En el mismo sentido, la descripción de las mujeres indígenas estaba plagada de símbolos religiosos propios de la modernidad temprana. Estas mujeres eran asimiladas, en la crónica, a demonios, brujas o cerdos, con toda la implicancia negativa que esto presuponía en un momento histórico en el que la violencia judicial en contra de la mujer se estaba agudizando.36
[Y] el cabello negro y suelto y ellas morenas y tostadas del sol, no parecen por aquellos arenales sino demonios y brujas, Ellas no se lavan sino cuando van a la mar, que de ordinario está muy cerca de los pueblos en todos estos llanos. Y tienen tanta costumbre de lavarse en la mar, que la india acabada de parir se lava y a la criatura también; y desde que nacen se crían con esto, y con todo eso son puercas porque si no es cuando se ven junto a la mar, no se lavan. Y en casa aunque tienen las manos y las caras puercas, nunca se las lavan.37
El fraile las diferenciaba de las féminas criollas que le resultaban “muy hermosas, de buenas teces de rostros y buenas manos y cabellos y buenos vestidos y aderezos, se tocan y componen muy bien, particularmente las criollas que son muy graciosas y desenfadadas”.38
En la misma descripción sociológica que hacía de Lima, Ocaña asumía como un dato normal de la realidad la existencia de la prostitución, a la que justificaba dada la carencia económica de algunas limeñas: “Hay como en Castilla en las ciudades grandes, de bueno y de malo; la mucha necesidad que en algunas mujeres hay y la sobre que otras tienen es causa de que haya alguna libertad en mujeres, como en los demás pueblos de indios que es ordinario”.39 Es evidente que en su escala de acciones pecaminosas la prostitución era asumida como un mal necesario; en cambio, la brujería debía ser perseguida, condenada y exterminada.40
De hecho, el proceso de interiorización del mal, y por ende la creencia en la brujería, las brujas y la consecuente necesidad de exterminarla, está asociado de modo nodal a la fascinación que lo maravilloso provocaba. Esto tiene una manifestación evidente en la aparición de lo fantástico como eje particular de las crónicas de viajeros. Por ello, la imagen monstruosa con la que el fraile describe a los nativos se confunde con lo mítico, lo sobrenatural y la extrañeza frente a lo distinto. Incluso cuando combaten junto a los europeos, Ocaña presupone que lo hacen sólo por aplacar su sed de sangre: “Sirven solamente cuando hay guerras de ayudar a los españoles, y esto sin que los llamen, sino que ellos se convidan por solo el vicio que tienen de matar y comer a los que matan, sin perdonar a ninguno”.41
Como he señalado, la persistencia de las representaciones mentales propias del bajo medioevo continuaron condicionando los relatos de los viajeros en tierras americanas a lo largo de todo el siglo XVI. El temor al diablo y su capacidad infinita para infligir dolor y dependencia del mal, fueron parte constitutiva de las nuevas representaciones mentales que se generaban y alimentaban en la medida en que los españoles avanzaban en el control y conocimiento de las vastas extensiones del territorio americano.

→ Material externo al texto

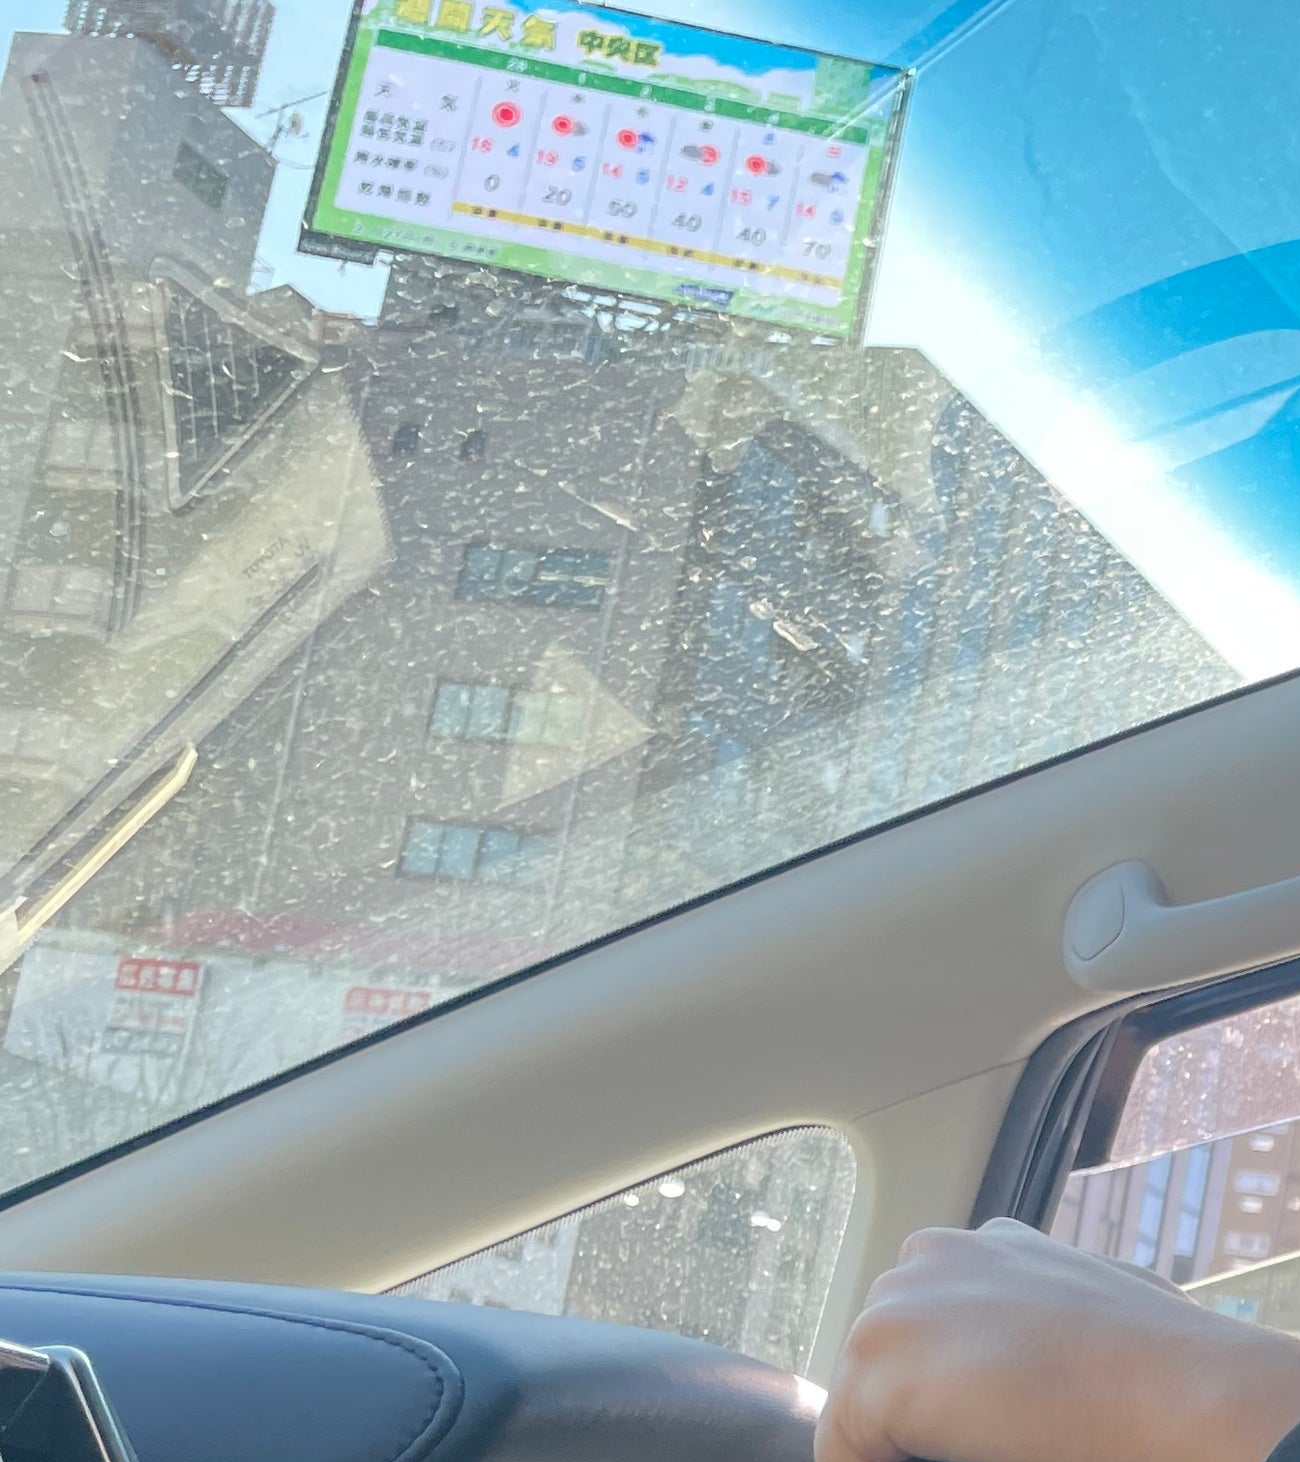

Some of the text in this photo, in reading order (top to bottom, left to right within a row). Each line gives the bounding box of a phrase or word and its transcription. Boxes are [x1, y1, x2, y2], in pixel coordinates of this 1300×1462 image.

Un caso paradigmático de la crónica de Ocaña es la descripción de un acto inquisitorial en la plaza de Lima, del que fue testigo ocular en 1605. Es interesante la composición sociológica de la capital del virreinato que este acto le permite a Ocaña retratar: asisten los agentes del gobierno, virrey y oidores; la Universidad; los dos cabildos (regular y seglar), y todas las órdenes. Es claro que un evento religioso presuponía la asistencia del pueblo y de las autoridades. La imagen que ofrece el monje recuerda la composición orgánica de los municipios castellanos de la época.
Antes que los condenados y los quemados, todos judíos portugueses, lo que le llama la atención del fraile es la solemnidad majestuosa con que se celebra el acto. La descripción enfatiza el carácter público y colectivo del suceso porque, de acuerdo con su testimonio, la ciudad entera estaba involucrada en lo que se representaba como un festejo popular. De hecho, a Ocaña le pareció llamativo que para el día acordado se construyera un teatro a fin de que los habitantes de la ciudad no sólo presenciaran el acto sino que estuvieran cómodamente sentados. También se levantó un cadalso alto, con el propósito de que todos pudieran ver y participar en calidad de testigos del ritual.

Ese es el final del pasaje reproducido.